Matilde Urrutia e Pablo Neruda
Matilde Urrutia e Pablo Neruda em Isla Negra

O balneário de Atlántida, no Uruguai, incorporou-se ao universo poético de Neruda na forma dum anagrama. Certa vez, o poeta viajou da Finlândia e da União Soviética até este pequeno balneário para encontrar-se com Matilde. Os versos abaixo foram escritos nesta oportunidade:

Y cuando de regreso
brilló tu boca bajo los pinares
de Datitla y arriba
silbaron, crepitaron y cantaron/
extravagantes
pájaros
bajo la luna de Montevideo, entonces
a tu amor he regresado
a la alegría de tus anchos ojos;
bajé, toqué la tierra amándote y amando
mi viaje venturoso.

Além destes versos, Neruda dedicou às paisagens uruguaias poesias que mencionam o balneário Punta del Este, Montevidéu e ate o poente ondulante da Barra de Maldonado (“entre agua y aire brilla el puente curvo/ entre verde y azul las curvaturas”).

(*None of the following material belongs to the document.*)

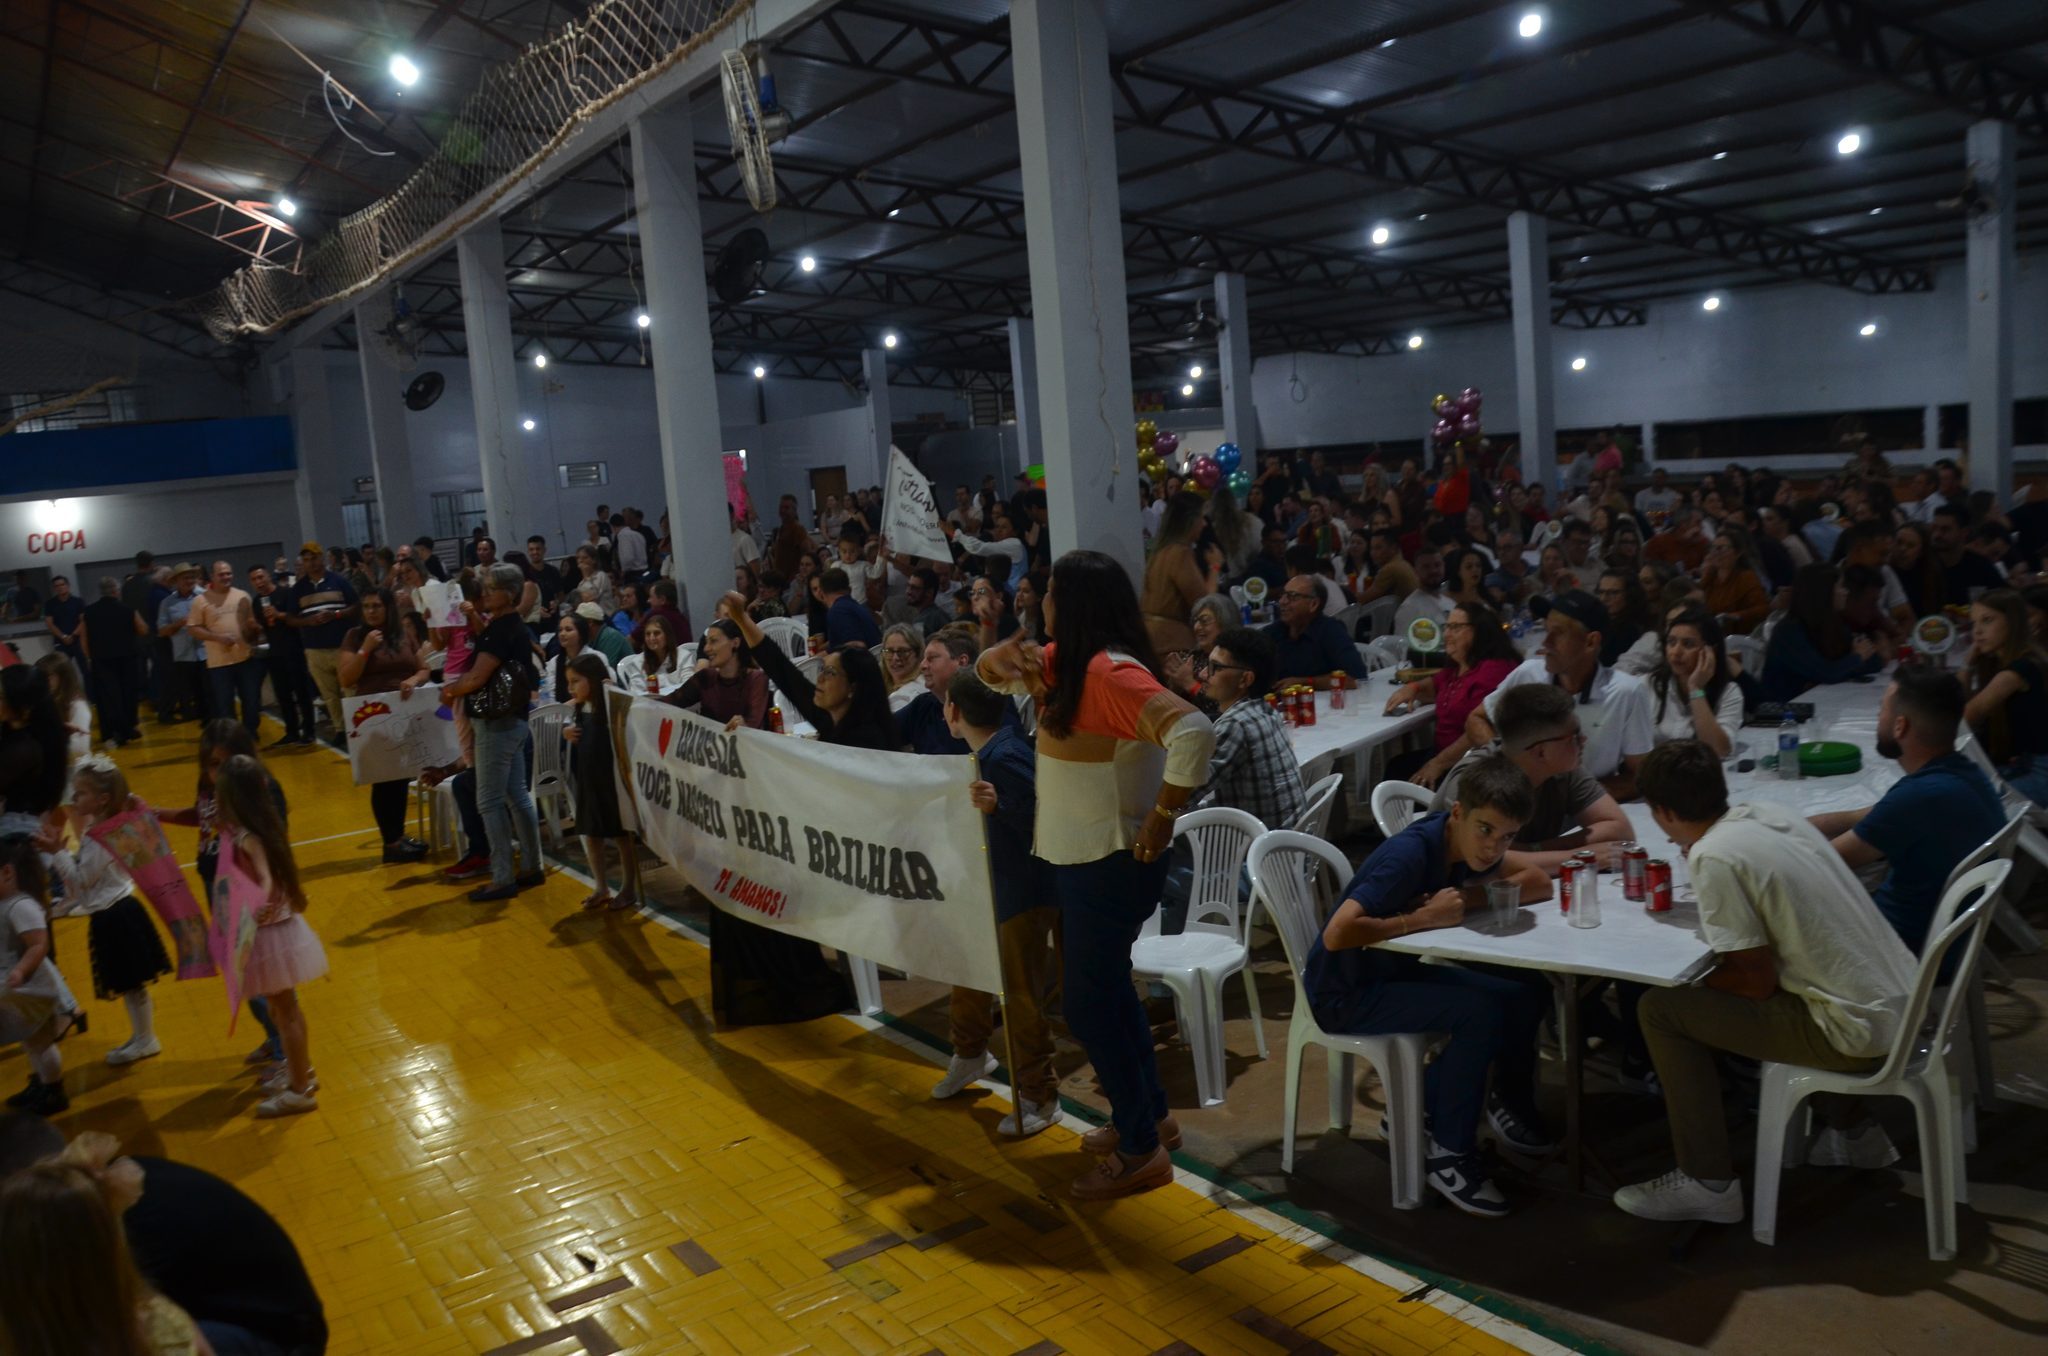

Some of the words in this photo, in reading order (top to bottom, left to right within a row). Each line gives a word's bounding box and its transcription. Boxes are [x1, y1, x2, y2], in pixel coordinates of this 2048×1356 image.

Pablo Neruda e Alberto Mántaras na Livraria Linardi Y Risso, em Montevidéu, Uruguai
Pablo Neruda e Alberto Mántaras na Livraria Linardi Y Risso, em Montevidéu, Uruguai

No Museu Paseo Neruda, em Atlántida, no Uruguai, conservam-se três curtas-metragens em que Pablo Neruda participa como ator, dirigidos por seu amigo uruguaio, Alberto Mántaras. Há uma anedota que envolve esses dois amigos e que parece saída dum romance. Neruda, cuja afeição pela boa comida e bebida é sempre ressaltada, introduziu em Montevidéu um coquetel inventado por ele, chamado Nikolasa, ao qual atribuía propriedades revigorantes. Para prepará-lo, usava-se conhaque, espessas fatias de limão e um recipiente com açúcar. Neruda recomendava que se espremesse as fatias de limão, esfregasse depois no açúcar e depois de dar um gole no conhaque, levasse-a a boca. O coquetel foi provado por um narrador amigo de Neruda, Alfredo Gravina, durante uma reunião. Os convidados não esqueceram a cena. Logo após engolir a mistura, o homem começou a correr em todas as direções, gesticulando impulsivamente Conta-se que, incontido, Alfredo acabou trepando numa árvore que havia nas imediações.

Quem for à Atlántida, pode conferir o museu já citado, numa mansão de três pisos, situada perto do mar, onde, segundo dizem, pode-se ver espetaculares pores do sol.